Passages parallèles dans le Quintette et la sonate de Franck

Charles Swann aime à écouter la sonate de Vinteuil et en particulier une petite phrase qui est profondément associée à ses amours tumultueuses avec Odette de Crécy. Certains pensent que cette sonate serait celle de César Franck, d’autre font référence à un thème de la 3ème  symphonie de Borodine (voir commentaire ci-dessous). 

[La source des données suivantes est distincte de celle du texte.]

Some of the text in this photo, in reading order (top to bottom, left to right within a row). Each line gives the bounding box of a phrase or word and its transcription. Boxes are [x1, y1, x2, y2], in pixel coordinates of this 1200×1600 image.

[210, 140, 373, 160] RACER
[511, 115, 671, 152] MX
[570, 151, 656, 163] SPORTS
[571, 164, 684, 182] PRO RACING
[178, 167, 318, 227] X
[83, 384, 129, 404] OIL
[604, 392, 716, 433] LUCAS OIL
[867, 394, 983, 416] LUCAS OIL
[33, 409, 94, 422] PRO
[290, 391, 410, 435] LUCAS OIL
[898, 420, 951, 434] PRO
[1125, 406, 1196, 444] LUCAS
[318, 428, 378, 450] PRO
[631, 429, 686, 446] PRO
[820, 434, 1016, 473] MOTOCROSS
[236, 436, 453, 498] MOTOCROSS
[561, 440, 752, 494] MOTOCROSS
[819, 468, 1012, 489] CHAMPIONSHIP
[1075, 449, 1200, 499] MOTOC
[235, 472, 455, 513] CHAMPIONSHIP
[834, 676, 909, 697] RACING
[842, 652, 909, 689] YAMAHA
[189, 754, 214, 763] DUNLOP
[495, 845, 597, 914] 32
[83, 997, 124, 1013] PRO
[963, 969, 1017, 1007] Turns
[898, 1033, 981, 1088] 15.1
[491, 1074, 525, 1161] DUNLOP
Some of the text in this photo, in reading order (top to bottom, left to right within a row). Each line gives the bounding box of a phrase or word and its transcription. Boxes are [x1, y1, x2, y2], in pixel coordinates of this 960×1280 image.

A son entrée, tandis que Mme Verdurin montrant des roses qu’il [Swann] avait envoyées le matin lui disait : « Je vous gronde » et lui indiquait une place à côté d’Odette, le pianiste jouait pour eux deux, la petite phrase de Vinteuil qui était comme l’air national de leur amour. Il commençait par la tenue des trémolos de violon que pendant quelques mesures on entend seuls, occupant tout le premier plan, puis tout d’un coup ils semblaient s’écarter et comme dans ces tableaux de Pieter De Hooch, qu’approfondit le cadre étroit d’une porte entr’ouverte, tout au loin, d’une couleur autre, dans le velouté d’une lumière interposée, la petite phrase apparaissait, dansante, pastorale, intercalée, épisodique, appartenant à un autre monde. Elle passait à plis simples et immortels, distribuant çà et là les dons de sa grâce, avec le même ineffable sourire ; mais Swann y croyait distinguer maintenant du désenchantement. Elle semblait connaître la vanité de ce bonheur dont elle montrait la voie. Dans sa grâce légère, elle avait quelque chose d’accompli, comme le détachement qui succède au regret. Mais peu lui importait, il la considérait moins en elle-même,—en ce qu’elle pouvait exprimer pour un musicien qui ignorait l’existence et de lui et d’Odette quand il l’avait composée, et pour tous ceux qui l’entendraient dans des siècles—, que comme un gage, un souvenir de son amour qui, même pour les Verdurin que pour le petit pianiste, faisait penser à Odette en même temps qu’à lui, les unissait ; c’était au point que, comme Odette, par caprice, l’en avait prié, il avait renoncé à son projet de se faire jouer par un artiste la sonate entière, dont il continua à ne connaître que ce passage. « Qu’avez-vous besoin du reste ? lui avait-elle dit. C’est ça notre morceau. » Et même, souffrant de songer, au moment où elle passait si proche et pourtant à l’infini, que tandis qu’elle s’adressait à eux, elle ne les connaissait pas, il regrettait presque qu’elle eût une signification, une beauté intrinsèque et fixe, étrangère à eux, comme en des bijoux donnés, ou même en des lettres écrites par une femme aimée, nous en voulons à l’eau de la gemme, et aux mots du langage, de ne pas être faits uniquement de l’essence d’une liaison passagère et d’un être particulier (Swann 218/316).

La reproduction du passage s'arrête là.